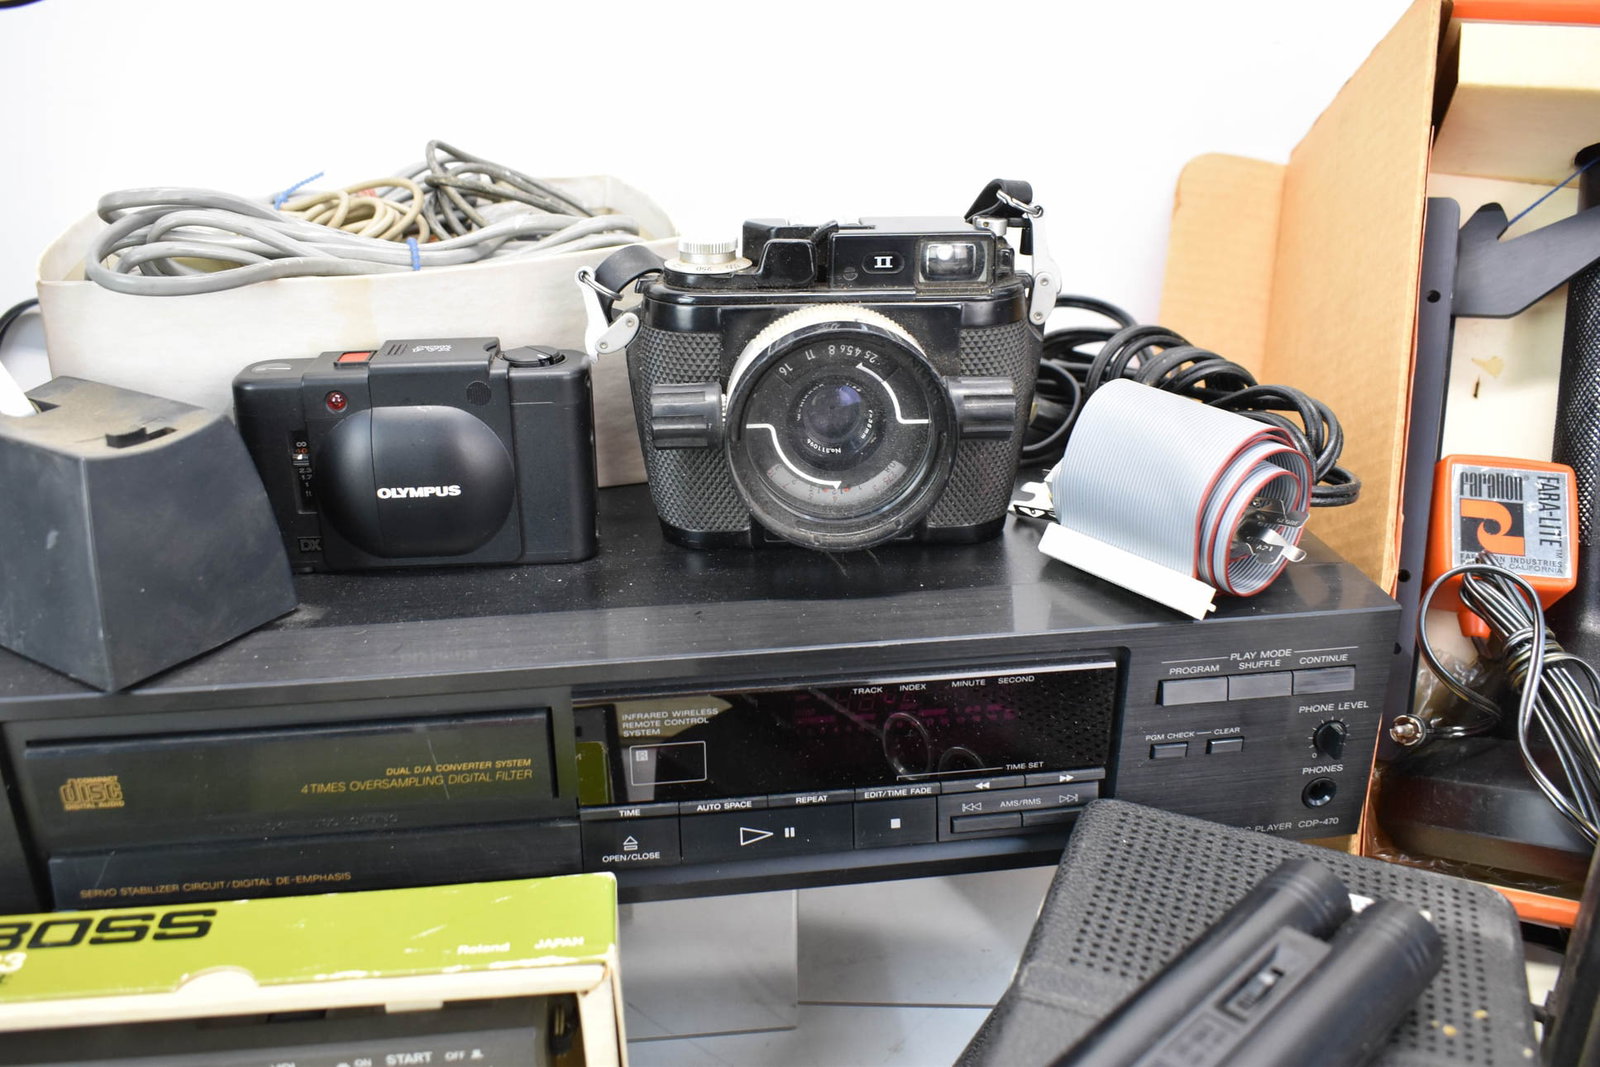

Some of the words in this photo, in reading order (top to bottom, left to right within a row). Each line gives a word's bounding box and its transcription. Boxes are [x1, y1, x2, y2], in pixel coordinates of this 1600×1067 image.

[805, 349, 816, 360] 11
[828, 344, 836, 355] 8
[778, 363, 793, 376] 16
[376, 485, 462, 499] OLYMPUS
[300, 539, 322, 551] DX
[1510, 557, 1563, 567] INDUSTRIES
[1508, 563, 1564, 574] CALIFORNIA
[1230, 652, 1257, 661] PLAY
[1260, 649, 1292, 659] MODE
[1299, 654, 1348, 665] CONTINUE
[1169, 664, 1220, 675] PROGRAM
[1238, 659, 1281, 670] SHUFFLE
[951, 679, 986, 688] MINUTE
[997, 675, 1035, 685] SECOND
[852, 686, 883, 695] TRACK
[900, 683, 926, 692] INDEX
[1298, 703, 1335, 714] PHONE
[1338, 700, 1369, 711] LEVEL
[622, 711, 668, 721] INFRARED
[672, 708, 719, 717] WIRELESS
[622, 719, 661, 729] REMOTE
[664, 717, 709, 726] CONTROL
[623, 728, 661, 737] SYSTEM
[1145, 733, 1165, 742] PGM
[1167, 731, 1195, 739] CHECK
[1213, 727, 1240, 735] CLEAR
[386, 766, 410, 776] DUAL
[414, 765, 432, 774] D/A
[435, 760, 492, 773] CONVERTER
[495, 758, 532, 768] SYSTEM
[1005, 762, 1025, 771] TIME
[1029, 761, 1044, 769] SET
[1302, 764, 1343, 775] PHONES
[350, 775, 444, 792] OVERSAMPLING
[448, 772, 492, 785] DIGITAL
[496, 769, 533, 782] FILTER
[59, 777, 123, 802] disc
[864, 787, 907, 799] EDIT/TIME
[910, 786, 932, 796] FADE
[795, 794, 828, 804] REPEAT
[1000, 796, 1042, 808] AMS/RMS
[697, 802, 722, 812] AUTO
[724, 800, 752, 810] SPACE
[619, 808, 641, 817] TIME
[1255, 821, 1292, 833] PLAYER
[1298, 817, 1339, 828] CDP-470
[602, 851, 661, 863] OPEN/CLOSE
[80, 888, 117, 899] SERVO
[120, 884, 179, 897] STABILIZER
[276, 871, 351, 887] DE-EMPHASIS
[457, 942, 511, 955] Roland
[533, 936, 585, 949] JAPAN
[385, 1051, 433, 1066] START
[444, 1050, 465, 1062] OFF
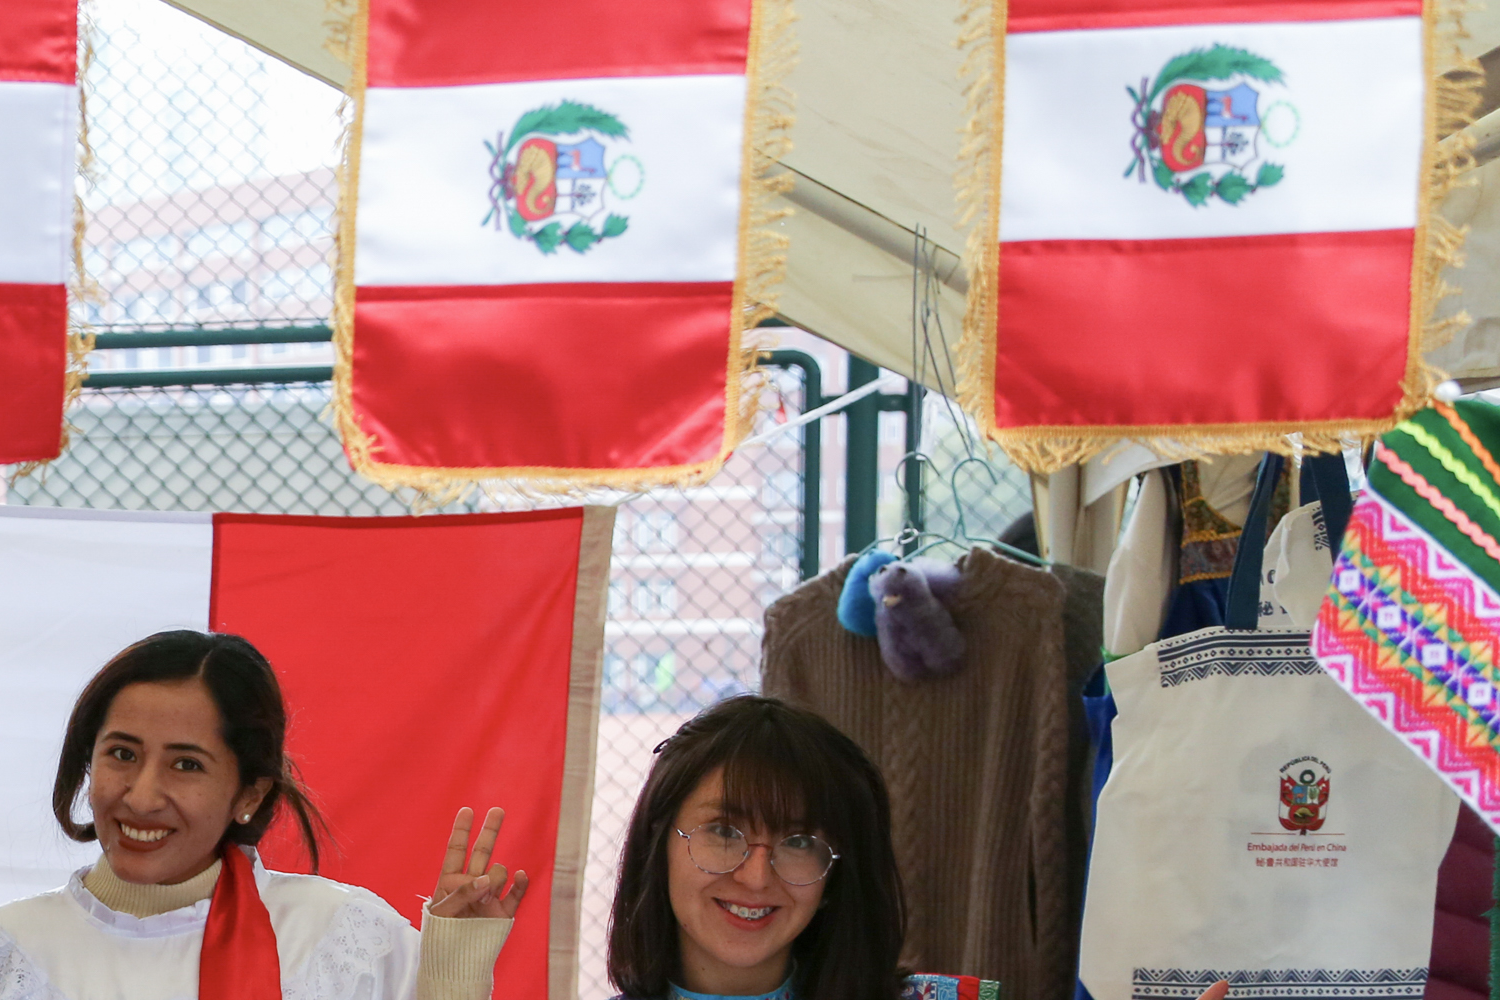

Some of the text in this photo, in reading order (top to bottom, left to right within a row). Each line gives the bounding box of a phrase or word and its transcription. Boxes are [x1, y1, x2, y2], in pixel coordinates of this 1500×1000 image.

[1247, 843, 1288, 853] Embajada
[1289, 843, 1300, 852] del
[1327, 843, 1347, 852] China
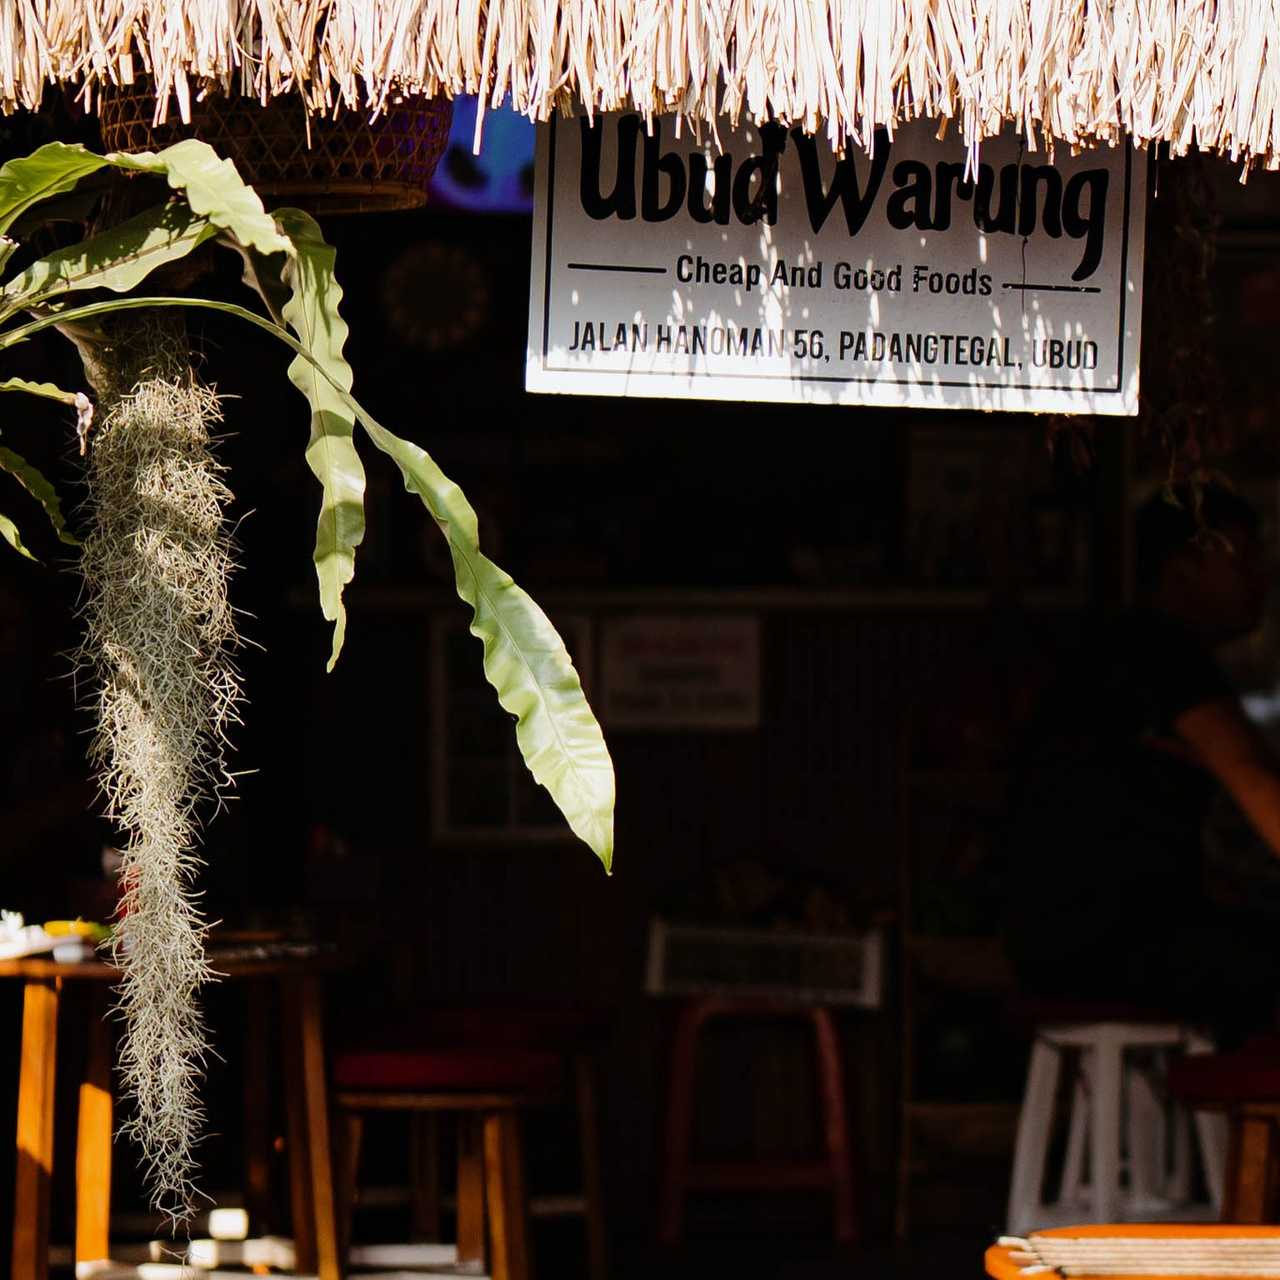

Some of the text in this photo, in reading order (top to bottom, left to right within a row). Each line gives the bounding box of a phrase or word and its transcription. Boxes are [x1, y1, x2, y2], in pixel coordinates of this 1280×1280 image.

[580, 114, 1109, 282] Ubud Warung
[676, 255, 993, 295] Cheap And Good Foods
[569, 321, 1098, 370] JALAN HANOMAN 56, PADANGTEGAL, UBUD
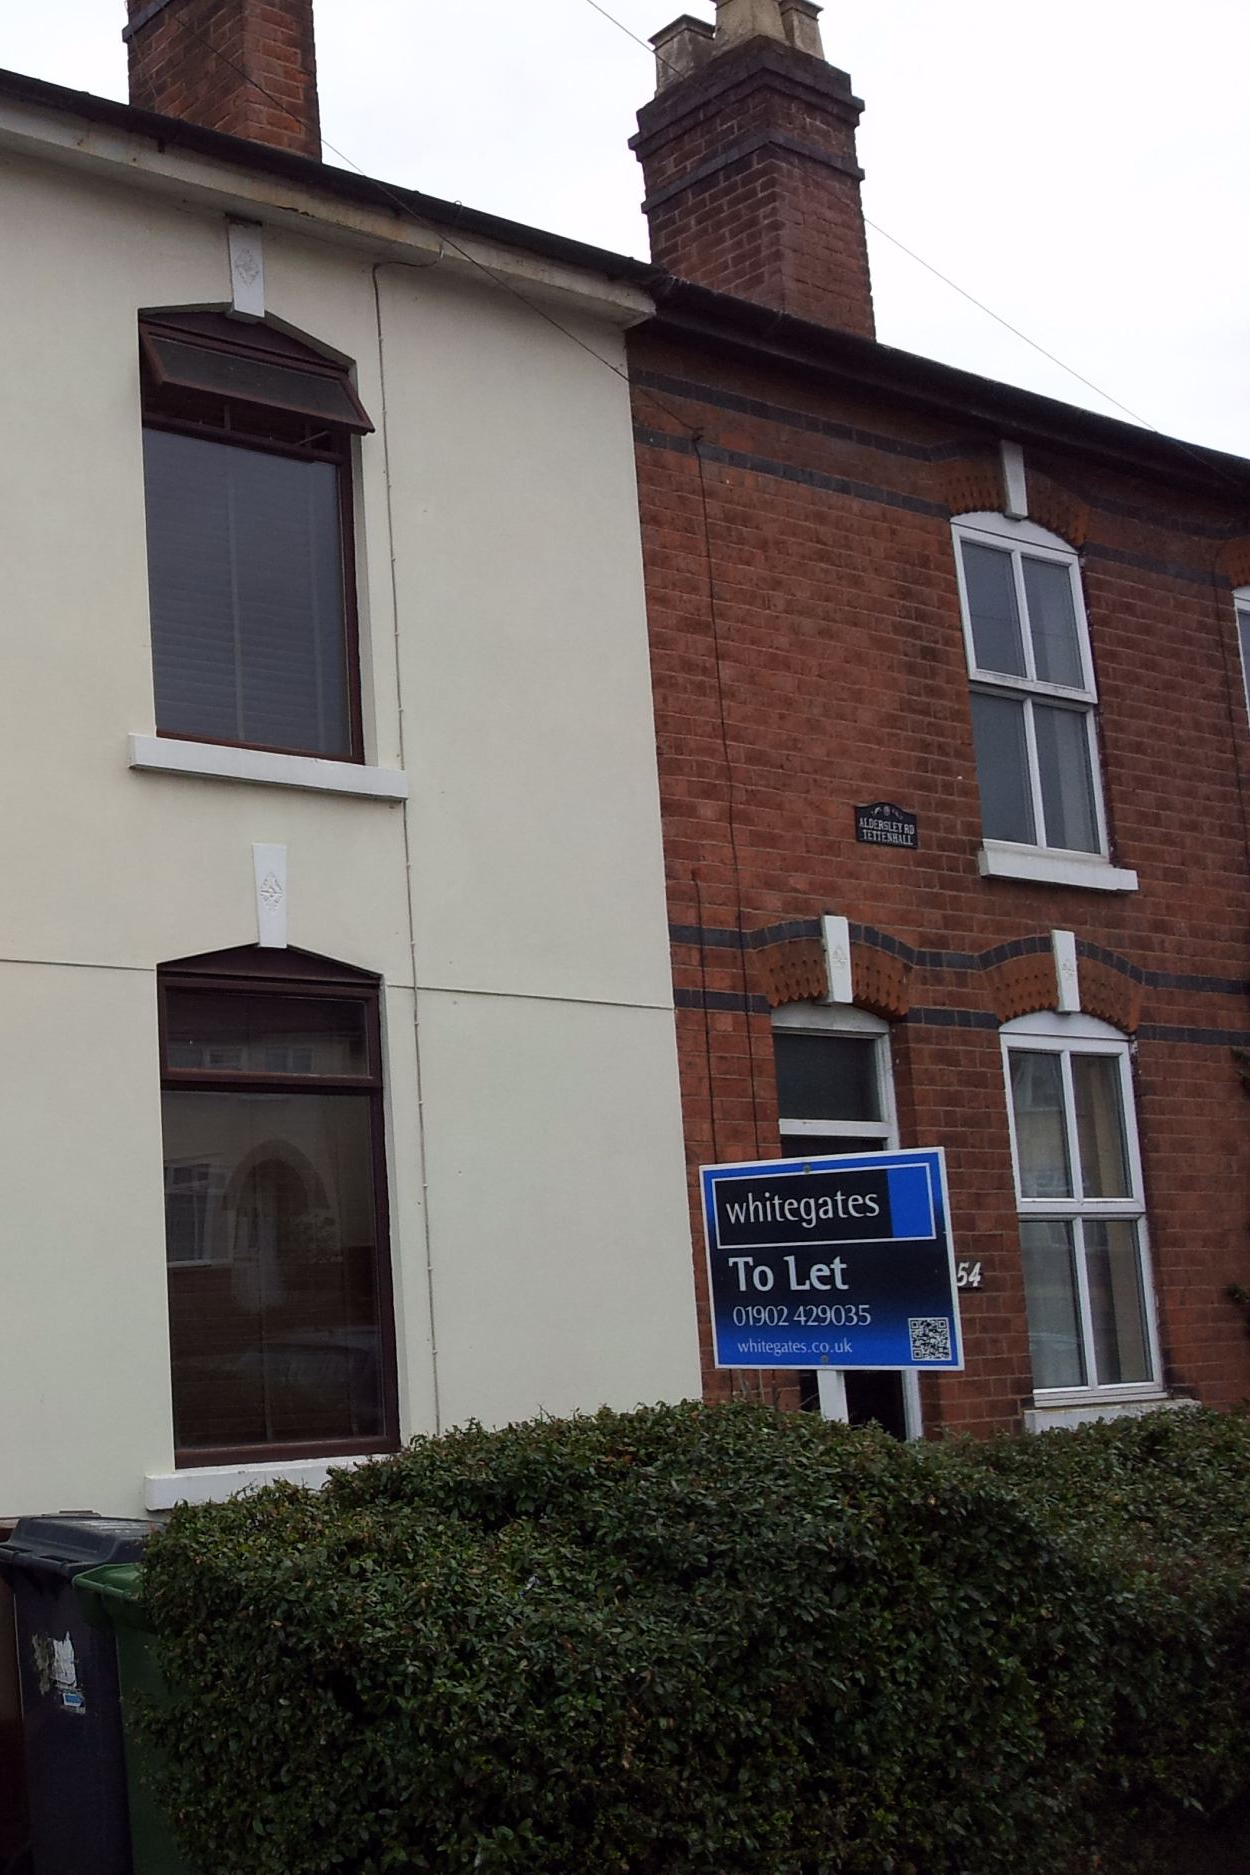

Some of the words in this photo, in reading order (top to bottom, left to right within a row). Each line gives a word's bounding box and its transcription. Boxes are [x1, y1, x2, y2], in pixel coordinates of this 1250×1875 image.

+---+

* YOUR ASSIGNMENT:
The whole listing is to be retyped exactly, with its pictures removed.

* RESPONSE AREA:
Some of the words in this photo, in reading order (top to bottom, left to right within a row). Each line gives a word's bounding box and its transcription. Boxes are [x1, y1, x2, y2], in pixel coordinates of this 1600×1067 image.

[805, 349, 816, 360] 11
[828, 344, 836, 355] 8
[778, 363, 793, 376] 16
[376, 485, 462, 499] OLYMPUS
[300, 539, 322, 551] DX
[1510, 557, 1563, 567] INDUSTRIES
[1508, 563, 1564, 574] CALIFORNIA
[1230, 652, 1257, 661] PLAY
[1260, 649, 1292, 659] MODE
[1299, 654, 1348, 665] CONTINUE
[1169, 664, 1220, 675] PROGRAM
[1238, 659, 1281, 670] SHUFFLE
[951, 679, 986, 688] MINUTE
[997, 675, 1035, 685] SECOND
[852, 686, 883, 695] TRACK
[900, 683, 926, 692] INDEX
[1298, 703, 1335, 714] PHONE
[1338, 700, 1369, 711] LEVEL
[622, 711, 668, 721] INFRARED
[672, 708, 719, 717] WIRELESS
[622, 719, 661, 729] REMOTE
[664, 717, 709, 726] CONTROL
[623, 728, 661, 737] SYSTEM
[1145, 733, 1165, 742] PGM
[1167, 731, 1195, 739] CHECK
[1213, 727, 1240, 735] CLEAR
[386, 766, 410, 776] DUAL
[414, 765, 432, 774] D/A
[435, 760, 492, 773] CONVERTER
[495, 758, 532, 768] SYSTEM
[1005, 762, 1025, 771] TIME
[1029, 761, 1044, 769] SET
[1302, 764, 1343, 775] PHONES
[350, 775, 444, 792] OVERSAMPLING
[448, 772, 492, 785] DIGITAL
[496, 769, 533, 782] FILTER
[59, 777, 123, 802] disc
[864, 787, 907, 799] EDIT/TIME
[910, 786, 932, 796] FADE
[795, 794, 828, 804] REPEAT
[1000, 796, 1042, 808] AMS/RMS
[697, 802, 722, 812] AUTO
[724, 800, 752, 810] SPACE
[619, 808, 641, 817] TIME
[1255, 821, 1292, 833] PLAYER
[1298, 817, 1339, 828] CDP-470
[602, 851, 661, 863] OPEN/CLOSE
[80, 888, 117, 899] SERVO
[120, 884, 179, 897] STABILIZER
[276, 871, 351, 887] DE-EMPHASIS
[457, 942, 511, 955] Roland
[533, 936, 585, 949] JAPAN
[385, 1051, 433, 1066] START
[444, 1050, 465, 1062] OFF

Some of the text in this photo, in reading order (top to bottom, left to right within a row). Each line gives the bounding box of a phrase or word and its transcription. Boxes are [x1, y1, x2, y2], in pixel coordinates of this 1500×1000 image.

[1247, 843, 1288, 853] Embajada
[1289, 843, 1300, 852] del
[1327, 843, 1347, 852] China

Some of the text in this photo, in reading order (top to bottom, left to right within a row). Each line gives the bounding box of a phrase or word and its transcription. Boxes are [x1, y1, x2, y2], in pixel coordinates of this 1280×1280 image.

[580, 114, 1109, 282] Ubud Warung
[676, 255, 993, 295] Cheap And Good Foods
[569, 321, 1098, 370] JALAN HANOMAN 56, PADANGTEGAL, UBUD

Some of the words in this photo, in reading order (top to bottom, left to right within a row). Each line gives a word's bounding box and its transcription. Boxes are [x1, y1, x2, y2], in pixel coordinates of this 1250×1875 image.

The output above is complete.